[Extracted records Boundary: Start]
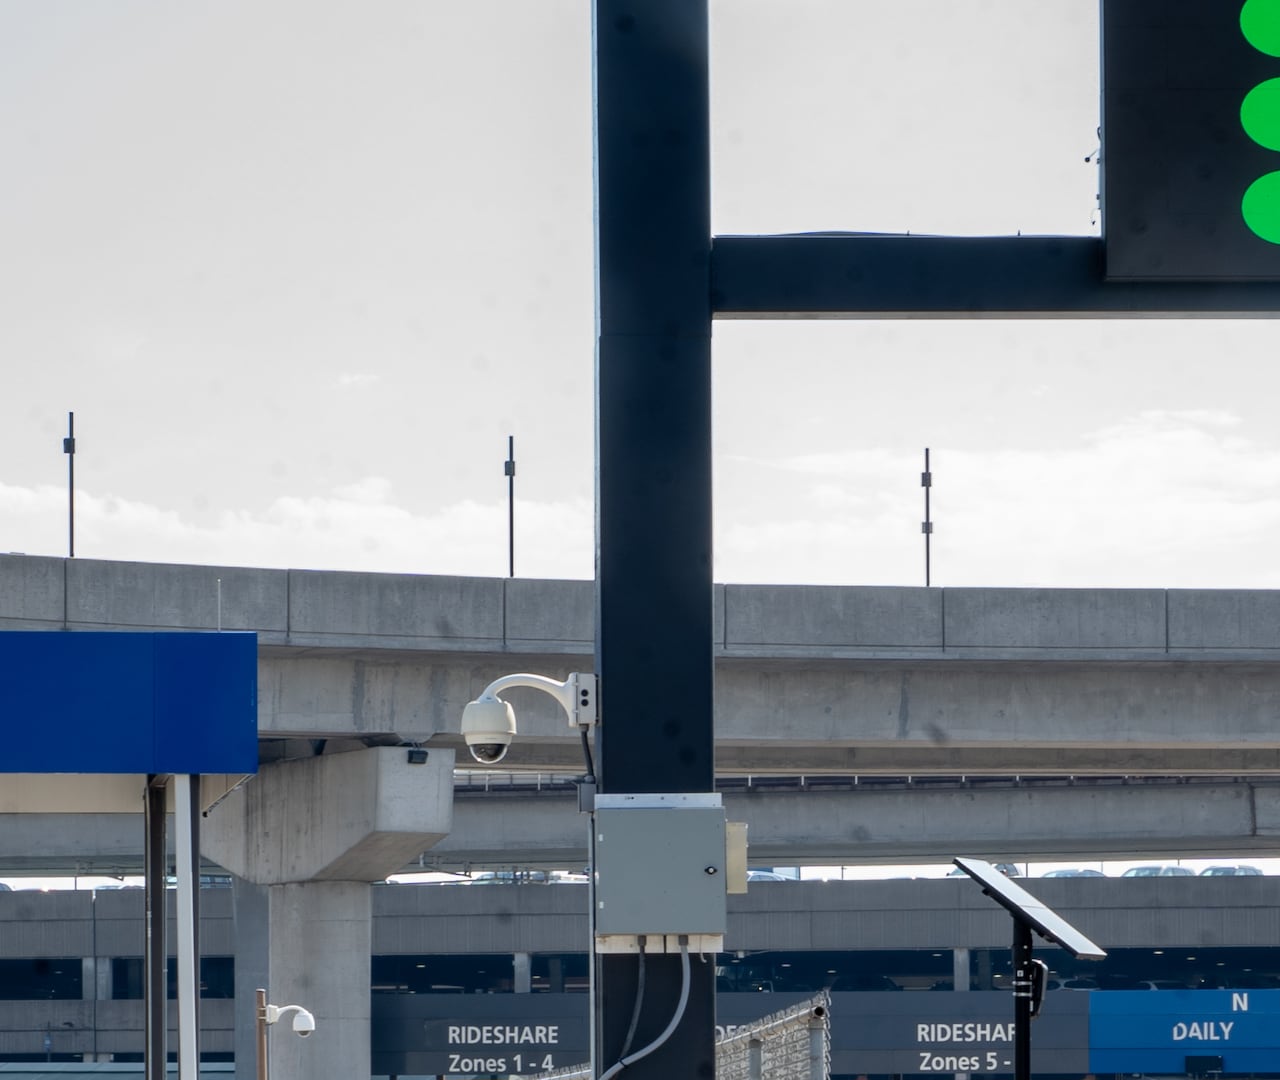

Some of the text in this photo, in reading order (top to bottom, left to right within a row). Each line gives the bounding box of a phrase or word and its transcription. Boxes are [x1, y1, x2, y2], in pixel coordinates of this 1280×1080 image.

[448, 1025, 559, 1044] RIDESHARE
[1173, 1022, 1234, 1041] DAILY
[449, 1054, 507, 1072] Zones
[513, 1054, 522, 1072] 1
[541, 1053, 554, 1072] 4
[919, 1052, 980, 1071] Zones
[986, 1051, 998, 1071] 5
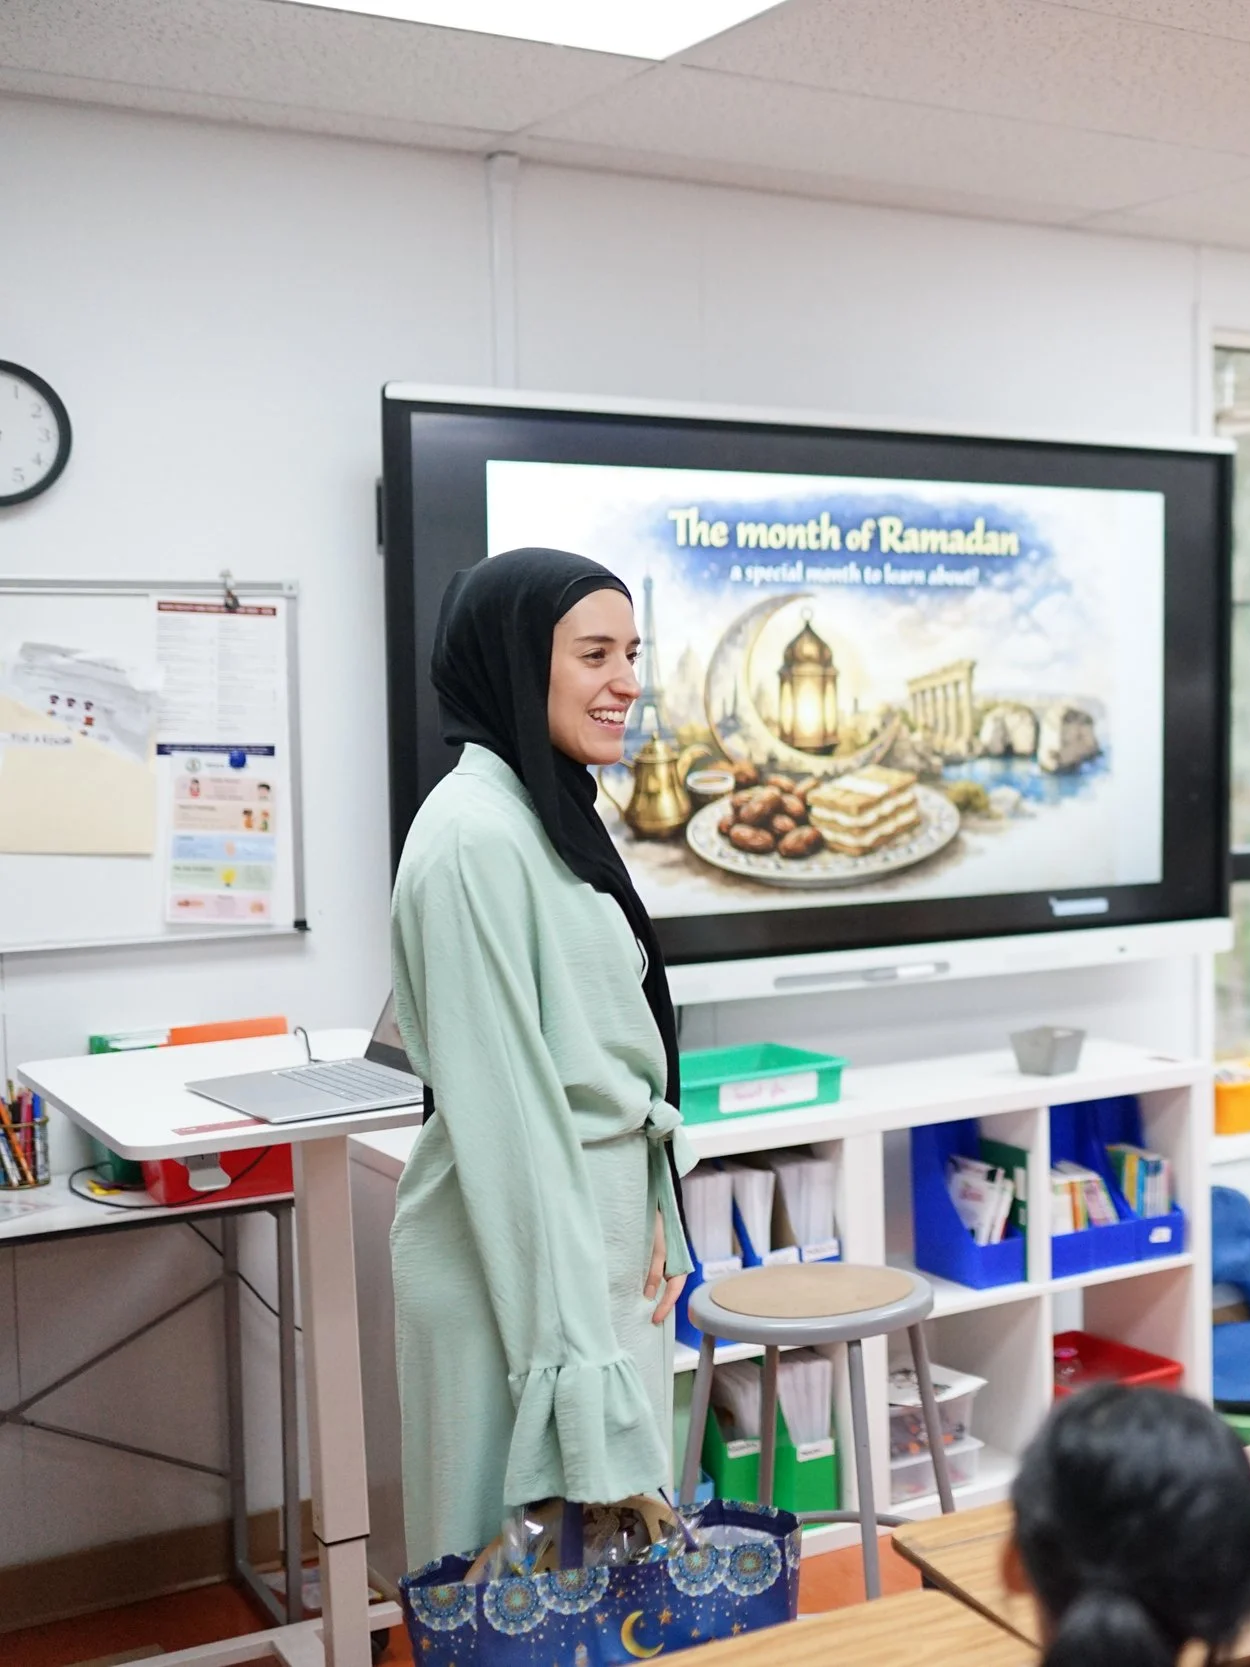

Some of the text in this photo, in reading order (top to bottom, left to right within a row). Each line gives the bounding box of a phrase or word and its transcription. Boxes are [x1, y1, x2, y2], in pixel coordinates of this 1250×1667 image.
[Extracted records Boundary: End]
Task objective: For each entry, copy the text exactly and leave out any image it carries.

Answer to the exercise:
Some of the text in this photo, in reading order (top to bottom, left to right within a row). Each line gives the bounding box of a phrase or word and its transcription. Boxes are [x1, y1, x2, y2], in pixel coordinates of this 1280×1080 image.

[448, 1025, 559, 1044] RIDESHARE
[1173, 1022, 1234, 1041] DAILY
[449, 1054, 507, 1072] Zones
[513, 1054, 522, 1072] 1
[541, 1053, 554, 1072] 4
[919, 1052, 980, 1071] Zones
[986, 1051, 998, 1071] 5

Some of the text in this photo, in reading order (top to bottom, left to right within a row). Each line gives the bounding box of a phrase or word and its transcription. Boxes are [x1, y1, x2, y2], in pixel coordinates of this 1250×1667 image.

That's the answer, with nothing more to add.